[About this task]: The records that follow must be transcribed in full, without any change.

[Working data]:

++++++

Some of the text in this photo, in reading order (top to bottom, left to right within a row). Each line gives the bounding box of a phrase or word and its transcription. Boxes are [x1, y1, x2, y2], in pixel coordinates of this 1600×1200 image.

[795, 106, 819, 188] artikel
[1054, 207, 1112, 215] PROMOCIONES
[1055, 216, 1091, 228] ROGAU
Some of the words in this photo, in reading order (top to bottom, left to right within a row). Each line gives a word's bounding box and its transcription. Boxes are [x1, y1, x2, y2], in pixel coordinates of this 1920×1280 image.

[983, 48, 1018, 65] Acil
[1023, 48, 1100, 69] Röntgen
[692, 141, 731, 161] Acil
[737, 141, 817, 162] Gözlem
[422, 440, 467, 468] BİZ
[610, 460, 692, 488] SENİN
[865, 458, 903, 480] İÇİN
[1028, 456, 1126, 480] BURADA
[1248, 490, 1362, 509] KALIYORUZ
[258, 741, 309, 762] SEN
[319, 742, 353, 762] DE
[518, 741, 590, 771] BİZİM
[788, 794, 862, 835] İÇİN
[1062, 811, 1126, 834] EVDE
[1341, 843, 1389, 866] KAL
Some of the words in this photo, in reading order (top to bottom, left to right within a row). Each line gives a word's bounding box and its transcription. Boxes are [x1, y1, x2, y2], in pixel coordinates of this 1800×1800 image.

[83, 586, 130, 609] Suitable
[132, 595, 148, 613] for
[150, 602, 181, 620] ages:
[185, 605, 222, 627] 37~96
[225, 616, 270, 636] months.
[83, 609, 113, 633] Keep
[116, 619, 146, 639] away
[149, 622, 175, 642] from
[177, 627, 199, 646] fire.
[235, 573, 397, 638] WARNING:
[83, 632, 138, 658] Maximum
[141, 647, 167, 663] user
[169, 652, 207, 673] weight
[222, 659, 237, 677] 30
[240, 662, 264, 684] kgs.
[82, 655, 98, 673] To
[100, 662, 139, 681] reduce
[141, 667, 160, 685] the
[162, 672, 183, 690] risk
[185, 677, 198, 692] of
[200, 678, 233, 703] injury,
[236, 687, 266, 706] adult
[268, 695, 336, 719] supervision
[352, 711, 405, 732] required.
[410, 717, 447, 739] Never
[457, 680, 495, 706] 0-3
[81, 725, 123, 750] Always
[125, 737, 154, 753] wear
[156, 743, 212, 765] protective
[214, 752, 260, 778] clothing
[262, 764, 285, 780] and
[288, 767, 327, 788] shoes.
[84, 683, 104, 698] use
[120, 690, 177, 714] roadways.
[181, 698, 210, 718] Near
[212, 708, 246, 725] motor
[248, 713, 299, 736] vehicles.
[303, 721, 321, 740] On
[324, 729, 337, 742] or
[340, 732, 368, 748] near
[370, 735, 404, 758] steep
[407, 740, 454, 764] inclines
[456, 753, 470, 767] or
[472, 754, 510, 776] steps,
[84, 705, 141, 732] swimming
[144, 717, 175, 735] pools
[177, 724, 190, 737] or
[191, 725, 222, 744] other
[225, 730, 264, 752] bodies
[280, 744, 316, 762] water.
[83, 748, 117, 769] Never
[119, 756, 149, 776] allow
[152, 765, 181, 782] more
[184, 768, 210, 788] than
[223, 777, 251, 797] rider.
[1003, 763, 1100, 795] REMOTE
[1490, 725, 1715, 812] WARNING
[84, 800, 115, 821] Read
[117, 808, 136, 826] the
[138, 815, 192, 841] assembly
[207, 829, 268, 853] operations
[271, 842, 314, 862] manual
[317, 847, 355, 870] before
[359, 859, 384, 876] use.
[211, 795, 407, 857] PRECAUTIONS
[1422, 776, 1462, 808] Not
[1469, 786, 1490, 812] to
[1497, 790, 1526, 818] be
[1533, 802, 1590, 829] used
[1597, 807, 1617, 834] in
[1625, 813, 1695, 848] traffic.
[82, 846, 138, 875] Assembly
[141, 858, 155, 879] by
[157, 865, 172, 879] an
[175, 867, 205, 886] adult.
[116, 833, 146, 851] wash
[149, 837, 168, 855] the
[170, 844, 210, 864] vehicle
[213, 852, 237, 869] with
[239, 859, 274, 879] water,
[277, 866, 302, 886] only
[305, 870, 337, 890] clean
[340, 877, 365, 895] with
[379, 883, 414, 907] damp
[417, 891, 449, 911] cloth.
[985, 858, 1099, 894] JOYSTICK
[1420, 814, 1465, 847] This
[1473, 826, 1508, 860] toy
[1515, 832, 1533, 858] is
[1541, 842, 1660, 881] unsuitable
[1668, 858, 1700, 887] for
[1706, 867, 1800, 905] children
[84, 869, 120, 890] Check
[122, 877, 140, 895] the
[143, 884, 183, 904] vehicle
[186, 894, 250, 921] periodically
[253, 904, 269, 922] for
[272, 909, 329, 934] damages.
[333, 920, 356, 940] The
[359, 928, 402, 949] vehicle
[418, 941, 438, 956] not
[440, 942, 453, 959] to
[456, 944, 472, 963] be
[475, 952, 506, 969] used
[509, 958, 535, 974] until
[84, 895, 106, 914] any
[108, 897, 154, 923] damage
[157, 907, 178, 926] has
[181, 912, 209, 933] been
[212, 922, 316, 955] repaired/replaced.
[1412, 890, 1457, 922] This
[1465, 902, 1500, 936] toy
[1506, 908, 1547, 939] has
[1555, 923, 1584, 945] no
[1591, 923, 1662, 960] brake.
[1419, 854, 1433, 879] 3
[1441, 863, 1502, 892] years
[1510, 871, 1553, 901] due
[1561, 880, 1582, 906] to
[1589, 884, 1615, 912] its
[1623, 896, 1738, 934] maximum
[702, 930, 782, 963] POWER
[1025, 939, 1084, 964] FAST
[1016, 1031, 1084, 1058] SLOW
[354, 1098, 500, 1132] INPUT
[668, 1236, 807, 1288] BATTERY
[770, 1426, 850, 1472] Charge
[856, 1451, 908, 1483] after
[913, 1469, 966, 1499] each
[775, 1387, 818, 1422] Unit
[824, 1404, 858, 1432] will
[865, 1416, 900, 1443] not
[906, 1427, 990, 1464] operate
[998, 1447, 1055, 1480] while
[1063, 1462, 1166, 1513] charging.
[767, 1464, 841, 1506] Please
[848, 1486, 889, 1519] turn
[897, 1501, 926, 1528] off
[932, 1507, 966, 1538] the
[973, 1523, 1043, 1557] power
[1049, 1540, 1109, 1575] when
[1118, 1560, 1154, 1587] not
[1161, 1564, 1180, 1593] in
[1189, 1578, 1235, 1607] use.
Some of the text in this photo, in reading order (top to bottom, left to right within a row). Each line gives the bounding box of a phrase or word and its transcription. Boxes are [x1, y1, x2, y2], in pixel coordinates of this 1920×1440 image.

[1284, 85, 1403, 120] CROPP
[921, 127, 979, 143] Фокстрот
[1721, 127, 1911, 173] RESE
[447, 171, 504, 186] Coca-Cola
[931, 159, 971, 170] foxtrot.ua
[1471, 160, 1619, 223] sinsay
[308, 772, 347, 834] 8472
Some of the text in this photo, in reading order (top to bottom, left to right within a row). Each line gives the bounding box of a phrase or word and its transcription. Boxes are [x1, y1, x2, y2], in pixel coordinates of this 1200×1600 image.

++++++

[Solution to this task]:
Some of the text in this photo, in reading order (top to bottom, left to right within a row). Each line gives the bounding box of a phrase or word and its transcription. Boxes are [x1, y1, x2, y2], in pixel coordinates of this 1600×1200 image.

[795, 106, 819, 188] artikel
[1054, 207, 1112, 215] PROMOCIONES
[1055, 216, 1091, 228] ROGAU
Some of the words in this photo, in reading order (top to bottom, left to right within a row). Each line gives a word's bounding box and its transcription. Boxes are [x1, y1, x2, y2], in pixel coordinates of this 1920×1280 image.

[983, 48, 1018, 65] Acil
[1023, 48, 1100, 69] Röntgen
[692, 141, 731, 161] Acil
[737, 141, 817, 162] Gözlem
[422, 440, 467, 468] BİZ
[610, 460, 692, 488] SENİN
[865, 458, 903, 480] İÇİN
[1028, 456, 1126, 480] BURADA
[1248, 490, 1362, 509] KALIYORUZ
[258, 741, 309, 762] SEN
[319, 742, 353, 762] DE
[518, 741, 590, 771] BİZİM
[788, 794, 862, 835] İÇİN
[1062, 811, 1126, 834] EVDE
[1341, 843, 1389, 866] KAL
Some of the words in this photo, in reading order (top to bottom, left to right within a row). Each line gives a word's bounding box and its transcription. Boxes are [x1, y1, x2, y2], in pixel coordinates of this 1800×1800 image.

[83, 586, 130, 609] Suitable
[132, 595, 148, 613] for
[150, 602, 181, 620] ages:
[185, 605, 222, 627] 37~96
[225, 616, 270, 636] months.
[83, 609, 113, 633] Keep
[116, 619, 146, 639] away
[149, 622, 175, 642] from
[177, 627, 199, 646] fire.
[235, 573, 397, 638] WARNING:
[83, 632, 138, 658] Maximum
[141, 647, 167, 663] user
[169, 652, 207, 673] weight
[222, 659, 237, 677] 30
[240, 662, 264, 684] kgs.
[82, 655, 98, 673] To
[100, 662, 139, 681] reduce
[141, 667, 160, 685] the
[162, 672, 183, 690] risk
[185, 677, 198, 692] of
[200, 678, 233, 703] injury,
[236, 687, 266, 706] adult
[268, 695, 336, 719] supervision
[352, 711, 405, 732] required.
[410, 717, 447, 739] Never
[457, 680, 495, 706] 0-3
[81, 725, 123, 750] Always
[125, 737, 154, 753] wear
[156, 743, 212, 765] protective
[214, 752, 260, 778] clothing
[262, 764, 285, 780] and
[288, 767, 327, 788] shoes.
[84, 683, 104, 698] use
[120, 690, 177, 714] roadways.
[181, 698, 210, 718] Near
[212, 708, 246, 725] motor
[248, 713, 299, 736] vehicles.
[303, 721, 321, 740] On
[324, 729, 337, 742] or
[340, 732, 368, 748] near
[370, 735, 404, 758] steep
[407, 740, 454, 764] inclines
[456, 753, 470, 767] or
[472, 754, 510, 776] steps,
[84, 705, 141, 732] swimming
[144, 717, 175, 735] pools
[177, 724, 190, 737] or
[191, 725, 222, 744] other
[225, 730, 264, 752] bodies
[280, 744, 316, 762] water.
[83, 748, 117, 769] Never
[119, 756, 149, 776] allow
[152, 765, 181, 782] more
[184, 768, 210, 788] than
[223, 777, 251, 797] rider.
[1003, 763, 1100, 795] REMOTE
[1490, 725, 1715, 812] WARNING
[84, 800, 115, 821] Read
[117, 808, 136, 826] the
[138, 815, 192, 841] assembly
[207, 829, 268, 853] operations
[271, 842, 314, 862] manual
[317, 847, 355, 870] before
[359, 859, 384, 876] use.
[211, 795, 407, 857] PRECAUTIONS
[1422, 776, 1462, 808] Not
[1469, 786, 1490, 812] to
[1497, 790, 1526, 818] be
[1533, 802, 1590, 829] used
[1597, 807, 1617, 834] in
[1625, 813, 1695, 848] traffic.
[82, 846, 138, 875] Assembly
[141, 858, 155, 879] by
[157, 865, 172, 879] an
[175, 867, 205, 886] adult.
[116, 833, 146, 851] wash
[149, 837, 168, 855] the
[170, 844, 210, 864] vehicle
[213, 852, 237, 869] with
[239, 859, 274, 879] water,
[277, 866, 302, 886] only
[305, 870, 337, 890] clean
[340, 877, 365, 895] with
[379, 883, 414, 907] damp
[417, 891, 449, 911] cloth.
[985, 858, 1099, 894] JOYSTICK
[1420, 814, 1465, 847] This
[1473, 826, 1508, 860] toy
[1515, 832, 1533, 858] is
[1541, 842, 1660, 881] unsuitable
[1668, 858, 1700, 887] for
[1706, 867, 1800, 905] children
[84, 869, 120, 890] Check
[122, 877, 140, 895] the
[143, 884, 183, 904] vehicle
[186, 894, 250, 921] periodically
[253, 904, 269, 922] for
[272, 909, 329, 934] damages.
[333, 920, 356, 940] The
[359, 928, 402, 949] vehicle
[418, 941, 438, 956] not
[440, 942, 453, 959] to
[456, 944, 472, 963] be
[475, 952, 506, 969] used
[509, 958, 535, 974] until
[84, 895, 106, 914] any
[108, 897, 154, 923] damage
[157, 907, 178, 926] has
[181, 912, 209, 933] been
[212, 922, 316, 955] repaired/replaced.
[1412, 890, 1457, 922] This
[1465, 902, 1500, 936] toy
[1506, 908, 1547, 939] has
[1555, 923, 1584, 945] no
[1591, 923, 1662, 960] brake.
[1419, 854, 1433, 879] 3
[1441, 863, 1502, 892] years
[1510, 871, 1553, 901] due
[1561, 880, 1582, 906] to
[1589, 884, 1615, 912] its
[1623, 896, 1738, 934] maximum
[702, 930, 782, 963] POWER
[1025, 939, 1084, 964] FAST
[1016, 1031, 1084, 1058] SLOW
[354, 1098, 500, 1132] INPUT
[668, 1236, 807, 1288] BATTERY
[770, 1426, 850, 1472] Charge
[856, 1451, 908, 1483] after
[913, 1469, 966, 1499] each
[775, 1387, 818, 1422] Unit
[824, 1404, 858, 1432] will
[865, 1416, 900, 1443] not
[906, 1427, 990, 1464] operate
[998, 1447, 1055, 1480] while
[1063, 1462, 1166, 1513] charging.
[767, 1464, 841, 1506] Please
[848, 1486, 889, 1519] turn
[897, 1501, 926, 1528] off
[932, 1507, 966, 1538] the
[973, 1523, 1043, 1557] power
[1049, 1540, 1109, 1575] when
[1118, 1560, 1154, 1587] not
[1161, 1564, 1180, 1593] in
[1189, 1578, 1235, 1607] use.
Some of the text in this photo, in reading order (top to bottom, left to right within a row). Each line gives the bounding box of a phrase or word and its transcription. Boxes are [x1, y1, x2, y2], in pixel coordinates of this 1920×1440 image.

[1284, 85, 1403, 120] CROPP
[921, 127, 979, 143] Фокстрот
[1721, 127, 1911, 173] RESE
[447, 171, 504, 186] Coca-Cola
[931, 159, 971, 170] foxtrot.ua
[1471, 160, 1619, 223] sinsay
[308, 772, 347, 834] 8472
Some of the text in this photo, in reading order (top to bottom, left to right within a row). Each line gives the bounding box of a phrase or word and its transcription. Boxes are [x1, y1, x2, y2], in pixel coordinates of this 1200×1600 image.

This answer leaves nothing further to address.